丁度その時、トントンと扉をノックする音がした。扉を開けたのは同居中の少女エリス。大きなエメラルド色の瞳がストラーに笑顔を向けている。緩やかな金色の巻き毛が少女の動きに合わせて肩の上で揺れる。
「ストラー、おはよう。朝ごはんの支度できたの。食べよ?」
「おはよう。ありがとうエリス」
ストラーの乱雑な部屋の床に視線を落とすもエリスは何も言わずに、爽やかな朝の挨拶をストラーによこす。
エリスの頭を撫でながら自室を後にする間際、窓辺にある輝石に視線を一度だけ向けて、物言わず静かに眠る様子を留め置きながら扉を閉めた。
朝日が差し込む暖かな部屋に入ると、テーブルには出来たてのパンケーキが有り、ほかほかと湯気を上げていた。黄金色で焼き目も申し分ない理想系。昨日ストラーが作り方を教えたばかりだ。
「初日からこの出来栄えとは!さすがだな!うん。味も申し分ない。すっごく美味しいよ」
ストラーは満面の笑みを浮かべながら次々と口元へと運んでいく。
「良かった。どうしても火加減が上手くいかなくて材料沢山使っちゃった」
ごめんなさい、と小さく謝るエリスの視線は流しに向けられている。見ると、焦げたパンケーキが山となっていた。

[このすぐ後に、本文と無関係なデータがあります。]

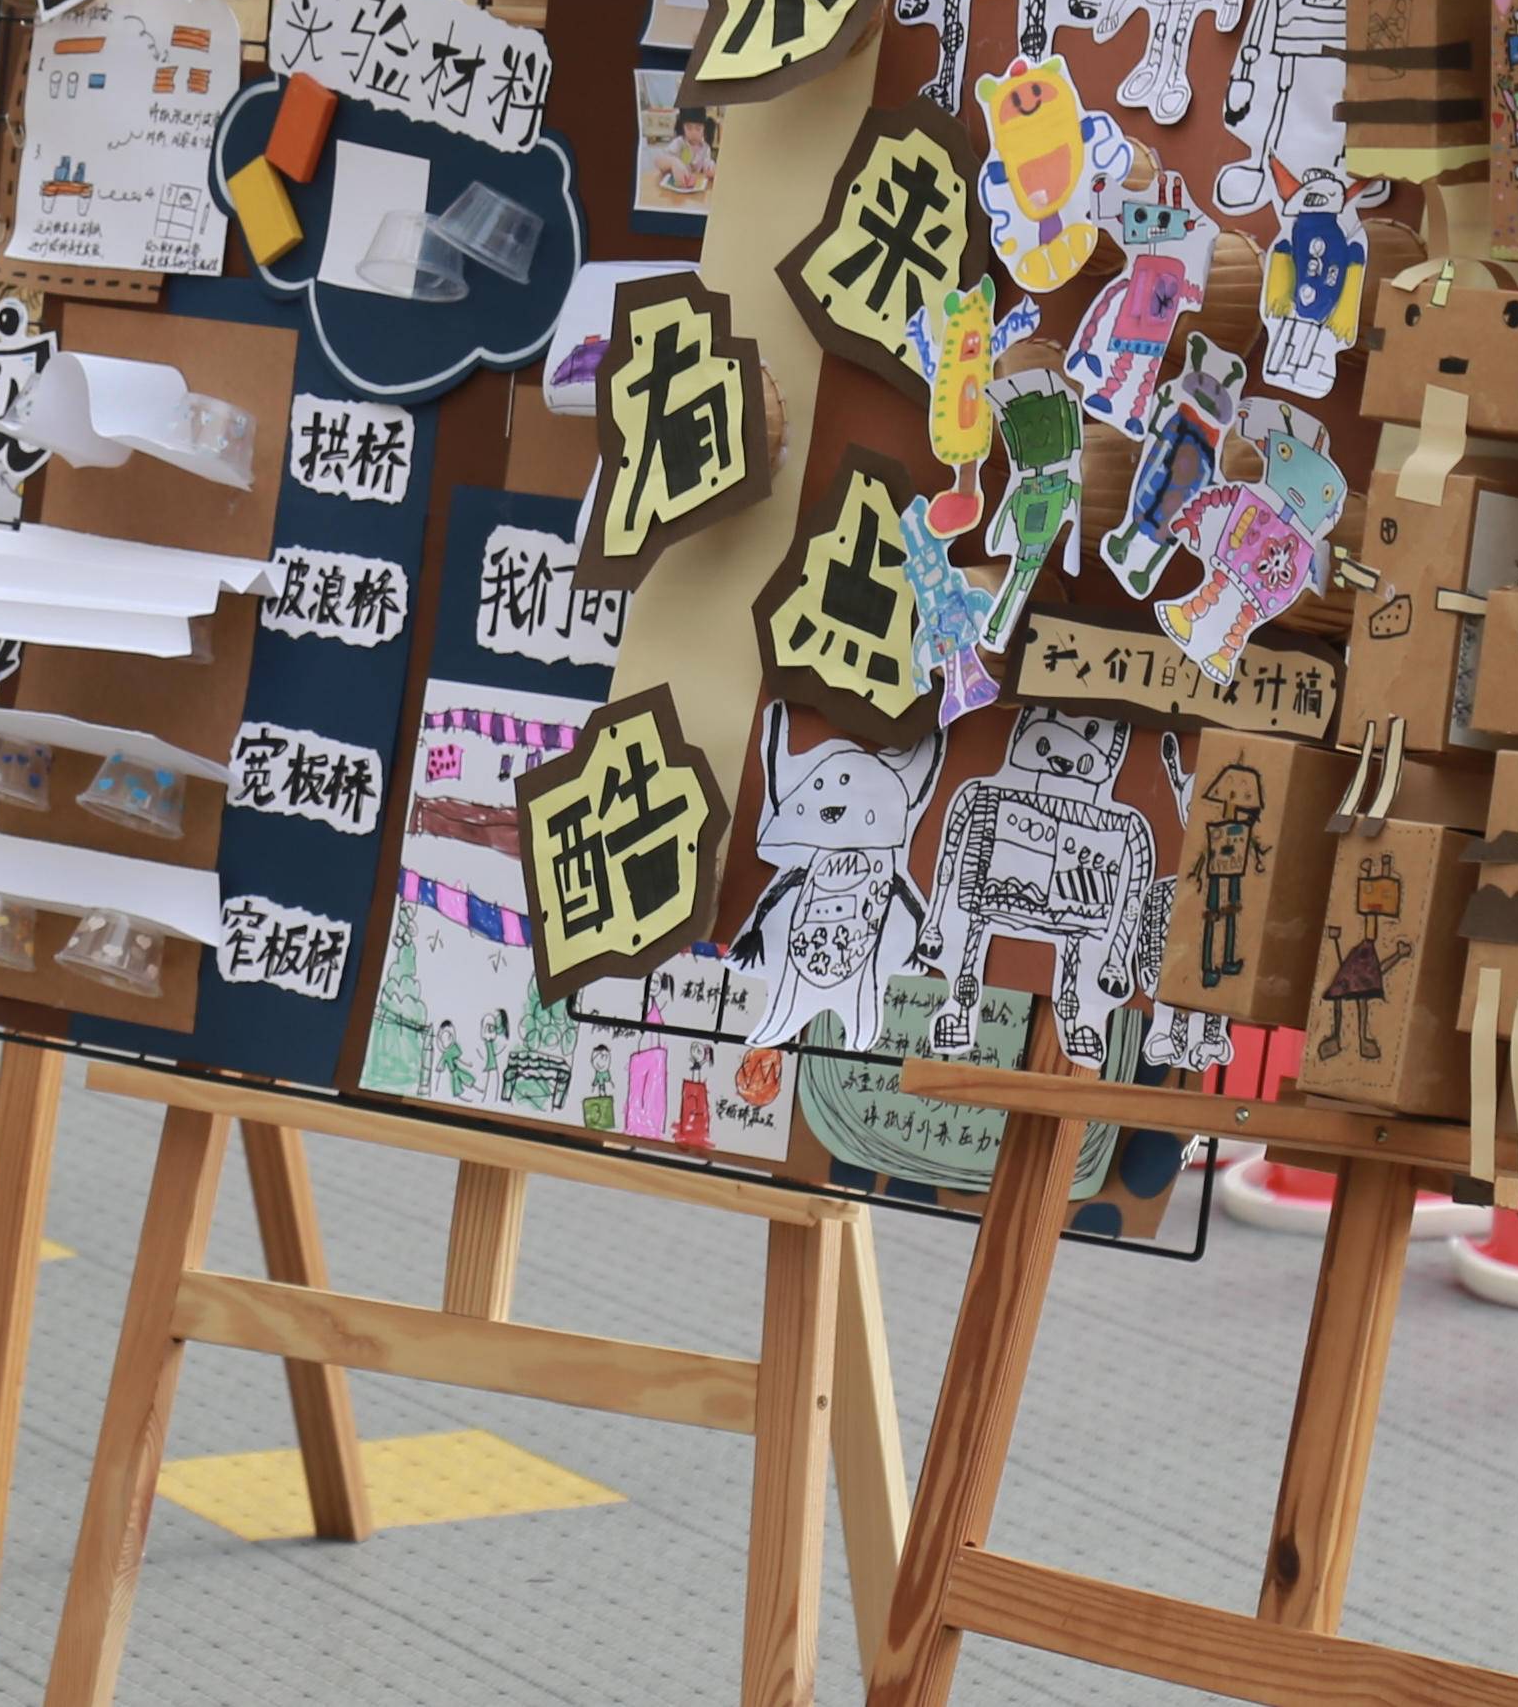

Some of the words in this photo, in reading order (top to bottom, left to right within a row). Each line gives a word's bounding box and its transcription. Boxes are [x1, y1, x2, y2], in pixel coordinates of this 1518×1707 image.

「あ、ああ、あれくらいどうってことないさ。最後に上手くできたんならそれでいいよ」
「うん。もうね、出来ないって分かったから、私の得意な方法を使ったの」
「え?」
「こうするのよ」
エリスは目を伏せて、右手の人差し指をくるりと回しながら短い歌を奏で始めた。音が空気中を電波すると、答えるように光が指先に集約した。瞬間、エリスが指を弾くと同時にストラーのお皿の上に出来立てのパンケーキが積み重なった。
「……」
ストラーは呆気に取られて、口に放り込んでいた欠片をテーブルに落とした。
「ね、こうすると無駄も無いし、綺麗にできるし、美味しいわ」
それはその通りだ。その通り、だが。
ストラーは大きく溜息を付くと、エリスに少しばかりきつい視線を投げかけた。
「それはしないって約束だったろう。昨日作り方を教えた意味も無いし、その力はそうやって使うものじゃないって説明しただろう」
「そうだけど。こんなに簡単に出来るのに、時間がかかるし、火は怖い。とてもステキな方法があるのに、何故使っちゃいけないのかが私には分からないわ」
「今は、その力を使う時ではないからだよ」
「便利よ?それに私にはこれしかできないわ。火を扱うのもナイフを持つのも怖いの。歌と光さえあれば何でもすぐ出せるのに、ダメなの?」
「まあ、確かにそうなんだが……」
困り顔のエリスを見ていると、昨日教え込んだ料理の数々がパフォーマンスに思えてきた。段取りを教えたつもりが、エリスには手品か何かに見えていたのかもしれない。人間に教えるのとは違うのだ、ということをストラーは痛感し項垂れた。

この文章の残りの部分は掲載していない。